学んだのはプラットフォーム上で使われている顧客のデータがもっとも重要だということ
Q:Salesforceのファミリーに加わり、Herokuはどのように変化しましたか?
バガイ氏:この4年あまりでエンタープライズの顧客要件について理解を深めてきました。その結果Herokuでは、大きなチーム体制で開発する場合の管理を容易にし効率化する拡張をしています。たとえば、開発チームの中で権限を設定しアクセスコントロールを行い、誰がどんな作業をするかを規定できるようになっています。チームの中にはステージング環境で作業ができればいい開発者もいれば、本番環境にアクセスする必要のある開発者もいます。それらをきちんと分けてコントロールできます。
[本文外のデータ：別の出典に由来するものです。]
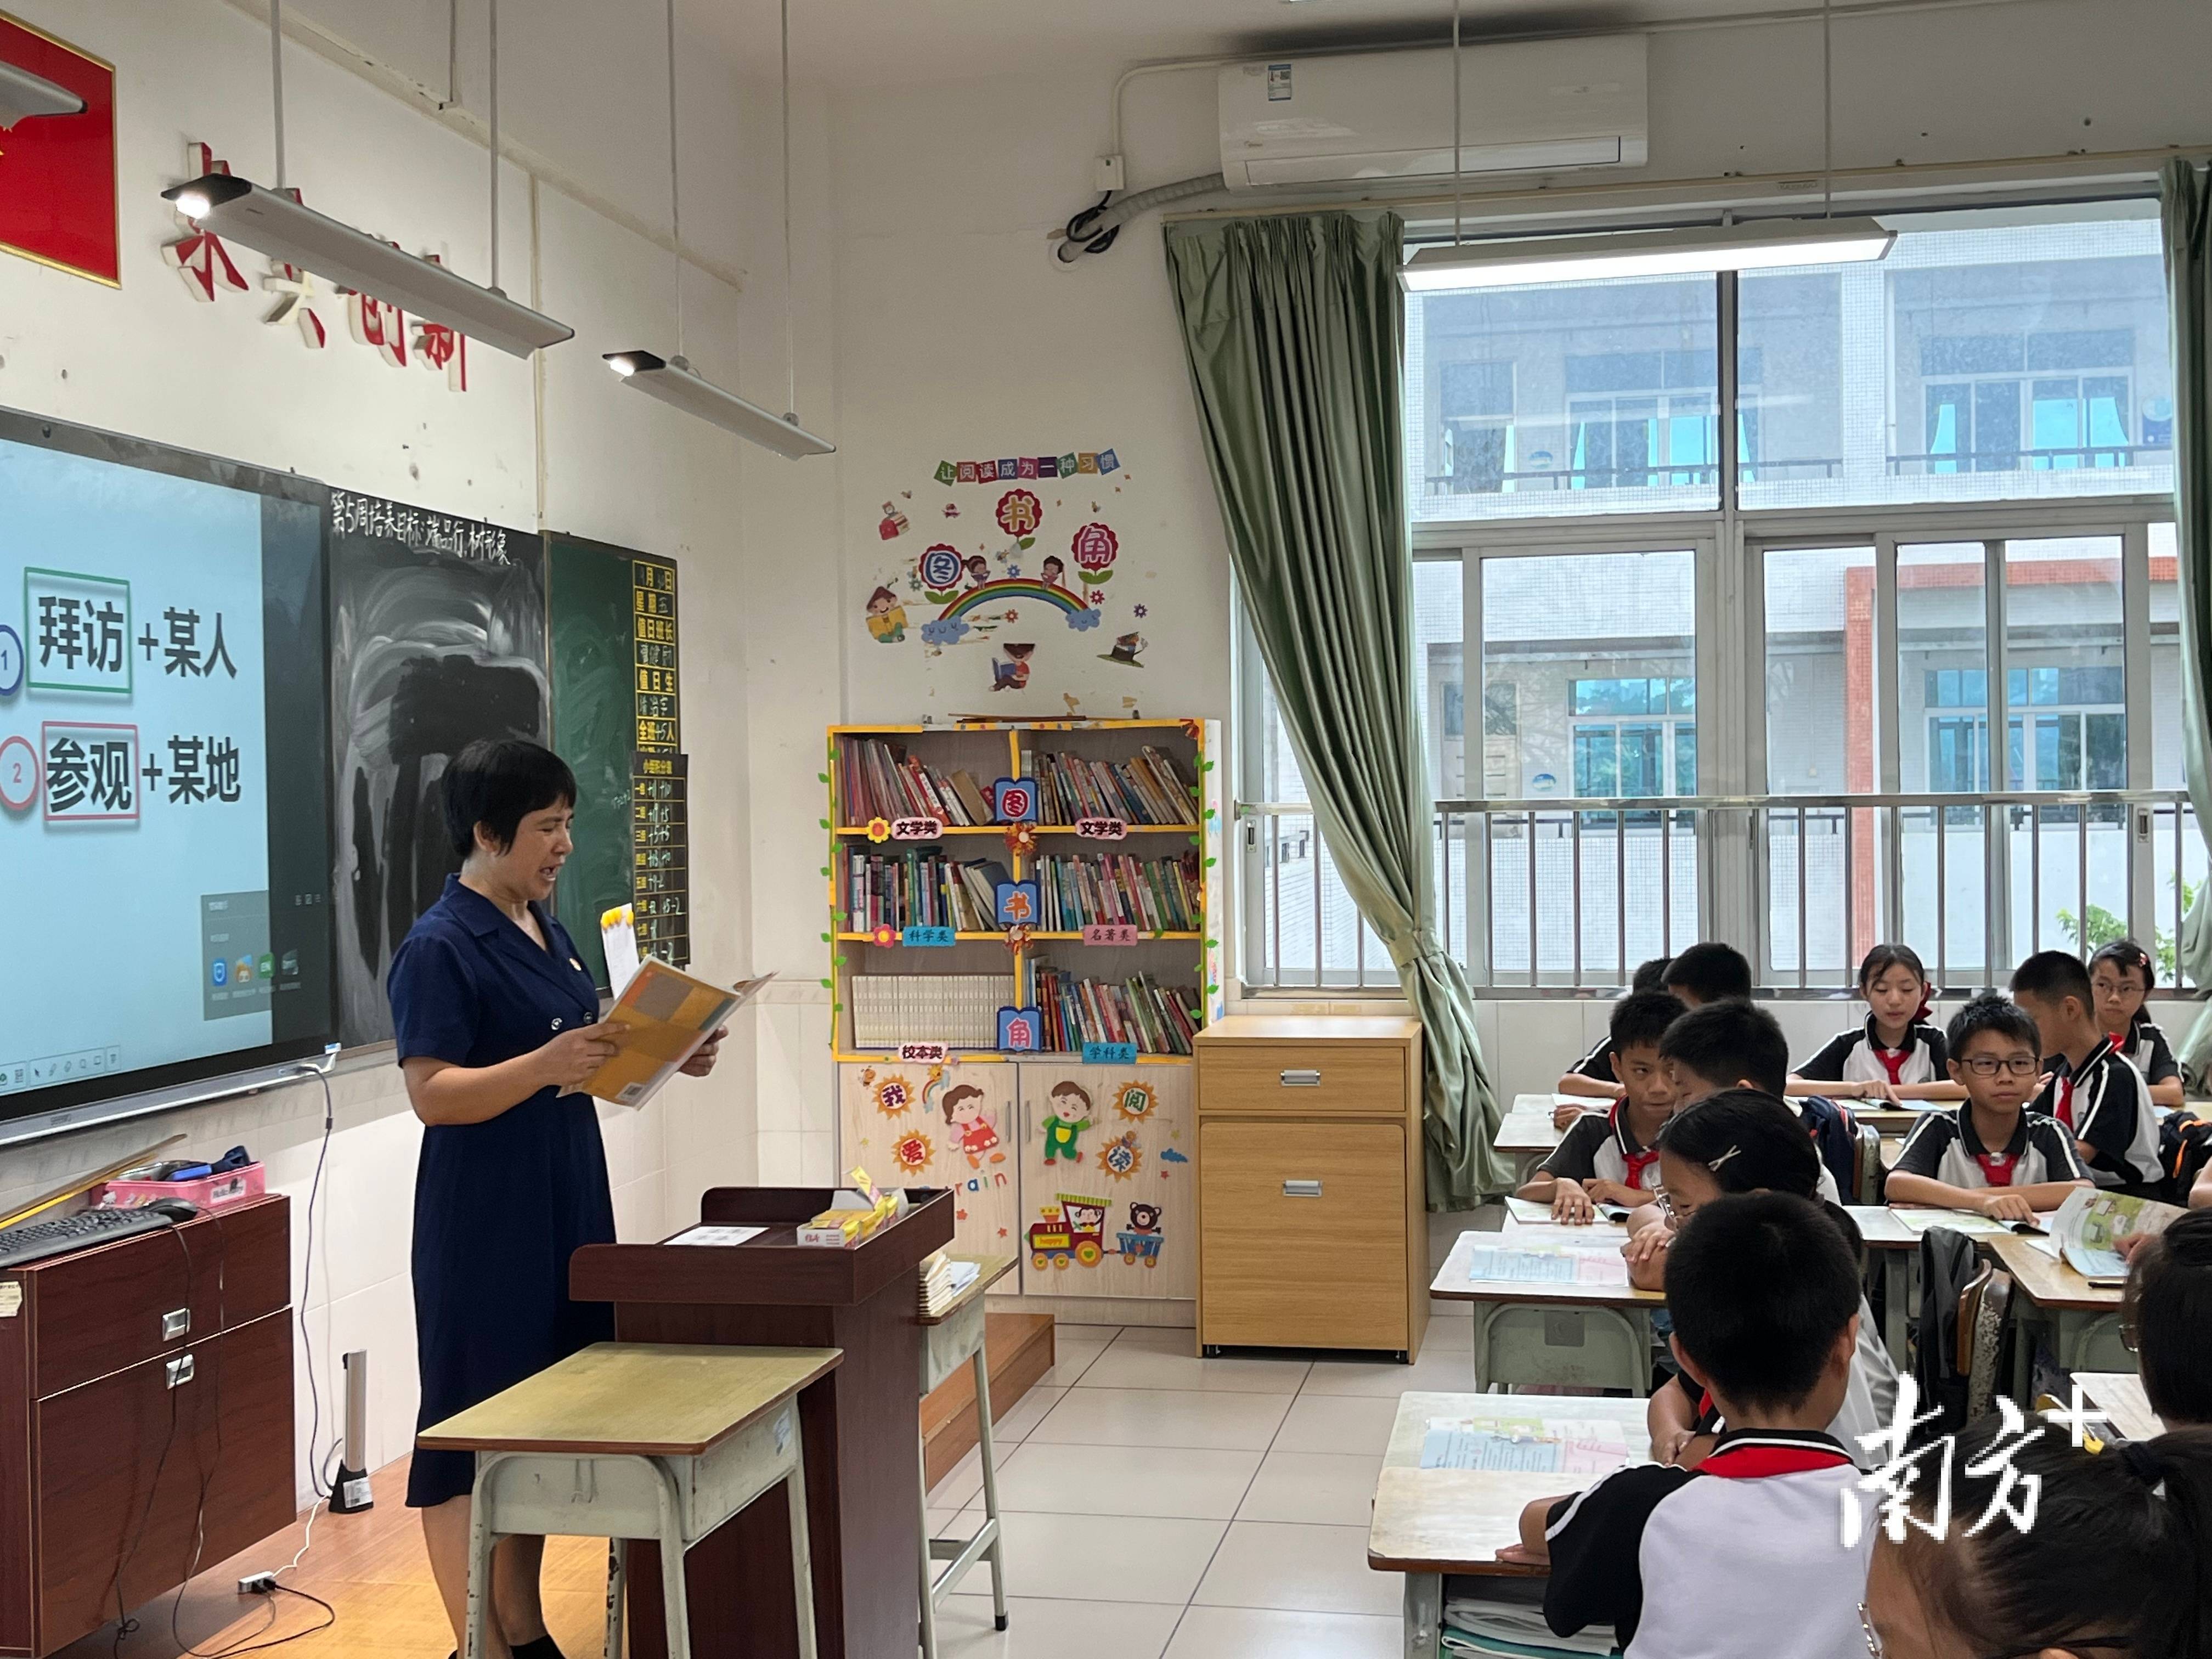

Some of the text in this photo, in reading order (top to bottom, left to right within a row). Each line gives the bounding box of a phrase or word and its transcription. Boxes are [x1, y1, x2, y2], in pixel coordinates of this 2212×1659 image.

[940, 452, 1115, 481] 让阅读成为一种习惯
[1001, 495, 1036, 532] 书
[1076, 527, 1113, 565] 角
[14, 763, 21, 783] 2
[897, 820, 938, 834] 文学类
[1080, 820, 1122, 834] 文学类
[1005, 892, 1030, 920] 书
[909, 930, 949, 943] 科学类
[1091, 928, 1131, 941] 名著类
[1006, 1018, 1031, 1048] 角
[901, 1045, 943, 1059] 校本类
[1090, 1047, 1130, 1060] 学科类
[882, 1085, 925, 1163] 我 爱
[1108, 1088, 1147, 1170] 阅 读
また、ユーザーが個人ではなく企業の場合は、SLAのあるサポートも求められます。そのための拡張サポートも用意しています。これを利用すれば、たとえば24時間、週7日の対応で、専門のアカウントマネージャを設置する対応ができます。セールスフォース・ドットコムにとって戦略的なパートナーとなる顧客には、こういった体制でのサービスも提供しています。
さらに、日本についてもHerokuのサポート体制は強化しています。専任のプリセールス、ポストセールスサポートのメンバーがおり、もちろん日本語での対応が可能です。
Q:Herokuのデータストアの進化についても教えてください。
バガイ氏:6年前の最初のHerokuでは、Webアプリケーションで必要となるデータハンドリングができれば十分でした。そのために用意したデータベースがPostgreSQLです。PostgreSQLは優れたデータベースで、信頼性も高い。とはいえ、現状のすべてのニーズにはなかなか応えられなくなっています。
データストアとしては今、インメモリーデータベースの要求が高まっています。それに対応するためにHerokuでは、MemcachedやRedisを用意しています。Redisは今やほとんどすべての顧客にとって重要なテクノロジーです。特に大手の顧客は、Redisに対する高い期待があります。RedisとPostgreSQLを上手く組み合わせることで、今日のWebアプリケーションにおけるデータストアへの要求にはほぼ応えられると考えています。
Herokuがセールスフォース・ドットコムのファミリーになって学んだことの1つが、プラットフォーム上で使われている顧客のデータがもっとも重要だと言うことです。Herokuのデータサービスは、セールスフォース・ドットコムが運用するようになりより開発者に使いやすいものになりました。そういった進化を通じ、開発者の経験値をより高いものにするのがHerokuのミッションでもあります。
Q:メモリ上のKey-ValueストアであるRedisに力を入れているのは、今後拡大するIoTへの対応などを見据えてのことですか?
バガイ氏:Redisの活用は何もIoTに限った話ではありません。Redisに注目が集まっているのは一般的なトレンドだと言えるでしょう。IoTの運用を考えると、確かにほぼリアルタイムに低遅延で処理したいとの要求があります。もちろんそういった要求にもRedisは応えられます。また、さまざまなデータの可視化を素早く行うとの要求にもRedisは向いています。
Q:開発者にとってHerokuには永続性ファイルがない点が使いにくいとの声もあるようですが?
バガイ氏:永続性についてはブロックストレージではなくPostgreSQLでより強力なメカニズムが提供できると考えています。Herokuとしては、ブロックストレージよりはオブジェクトストレージを指向しています。ただし、アプリケーションを構築する際に画像や映像などのデータを扱いたいとの要求があり、その際にはファイルシステムが欲しいのも分かります。これについては、Herokuでは積極的にAmazon Web Services(AWS)のS3などのサービスと連携できるようにしています。
HerokuはもともとAWSのプラットフォームレイヤー上にあるサービスで、Herokuのアプリケーション自体もAWSの上にあります。そういうこともあり、AWSのサービスとHerokuを組み合わせたハイブリッド型の利用はすでに数多くあります。AWSとの連携は我々も興味を持っており、今後も強化していく予定です。